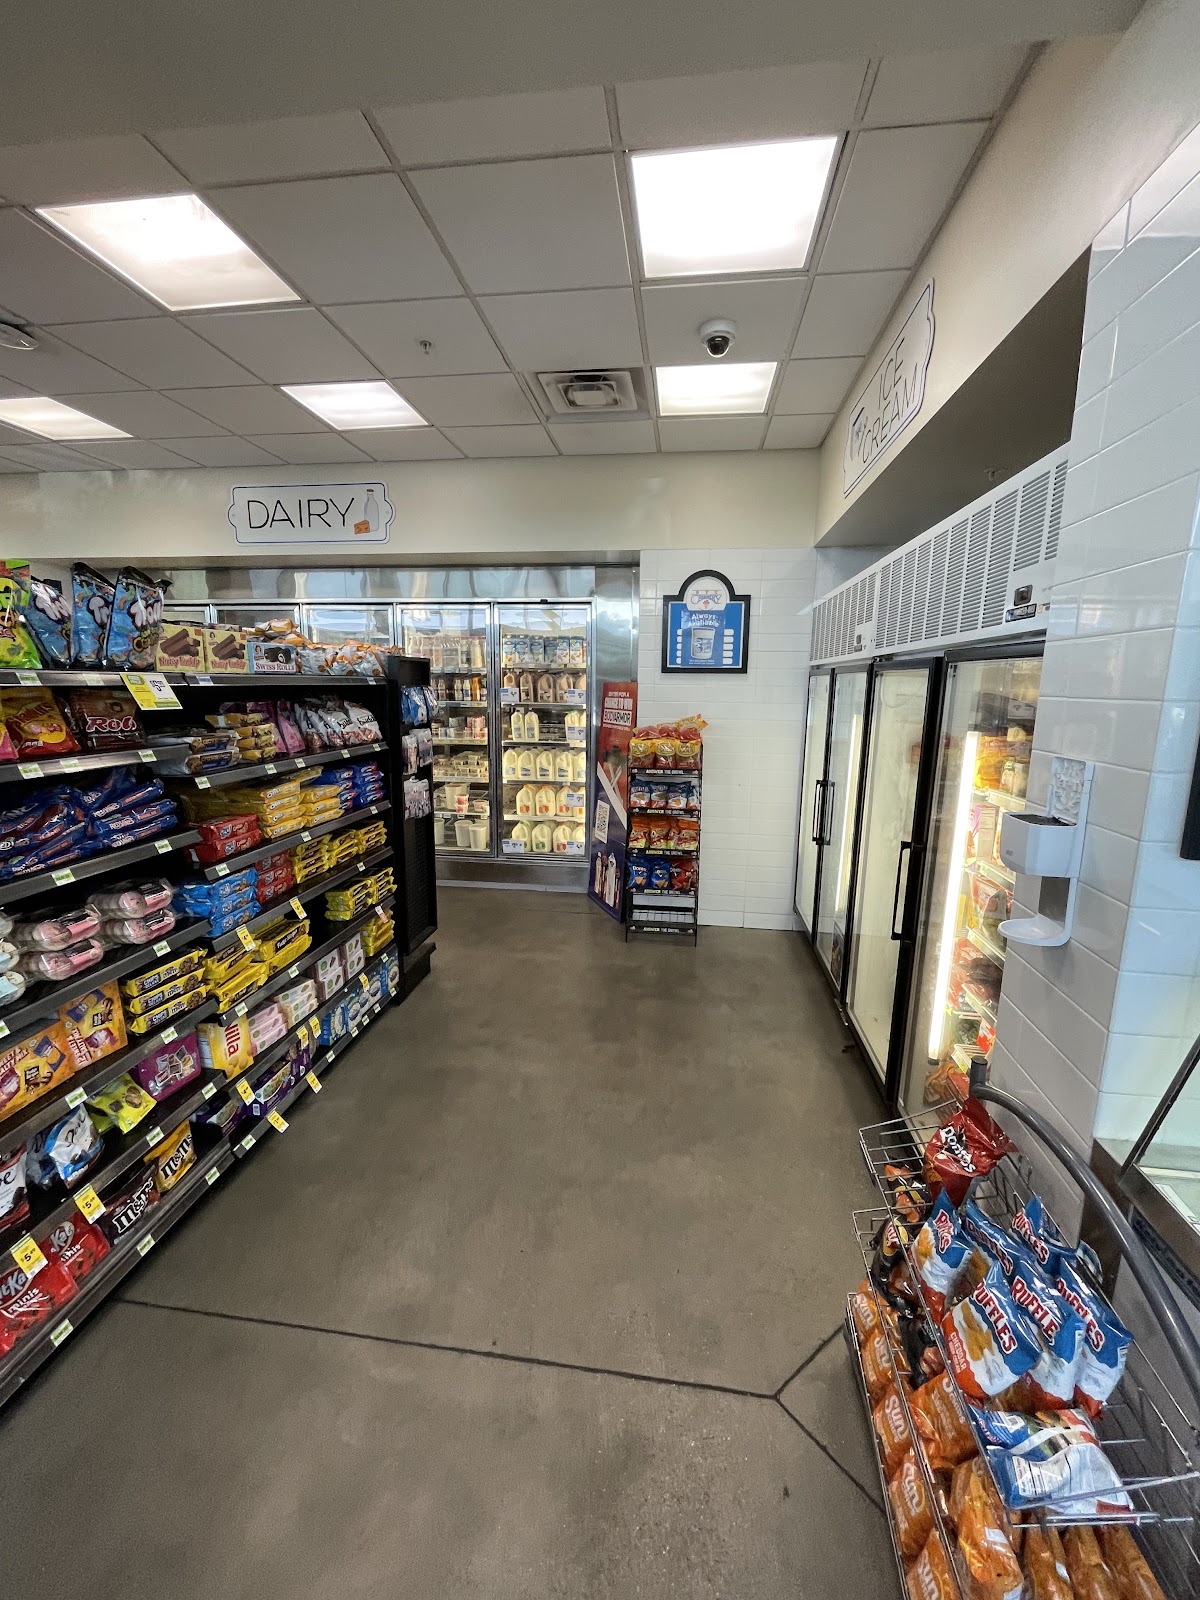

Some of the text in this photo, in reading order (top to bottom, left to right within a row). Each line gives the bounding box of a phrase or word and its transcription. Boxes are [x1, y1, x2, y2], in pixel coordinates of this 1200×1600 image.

[878, 337, 905, 411] ICE
[863, 363, 917, 463] CREAM
[247, 497, 354, 529] DAIRY
[255, 660, 296, 672] SWISS ROLLS
[939, 1125, 976, 1173] Doritos
[8, 1287, 40, 1315] minis
[1010, 1275, 1061, 1346] RUFFLE
[949, 1331, 967, 1370] CHEDDAR
[884, 1394, 908, 1442] Sun
[902, 1461, 925, 1515] Sun

· · · ·

- Work to be completed -
A faithful copy of all the lines above is needed, with the pictures omitted.

- Exercise solution -
Some of the text in this photo, in reading order (top to bottom, left to right within a row). Each line gives the bounding box of a phrase or word and its transcription. Boxes are [x1, y1, x2, y2], in pixel coordinates of this 1200×1600 image.

[878, 337, 905, 411] ICE
[863, 363, 917, 463] CREAM
[247, 497, 354, 529] DAIRY
[255, 660, 296, 672] SWISS ROLLS
[939, 1125, 976, 1173] Doritos
[8, 1287, 40, 1315] minis
[1010, 1275, 1061, 1346] RUFFLE
[949, 1331, 967, 1370] CHEDDAR
[884, 1394, 908, 1442] Sun
[902, 1461, 925, 1515] Sun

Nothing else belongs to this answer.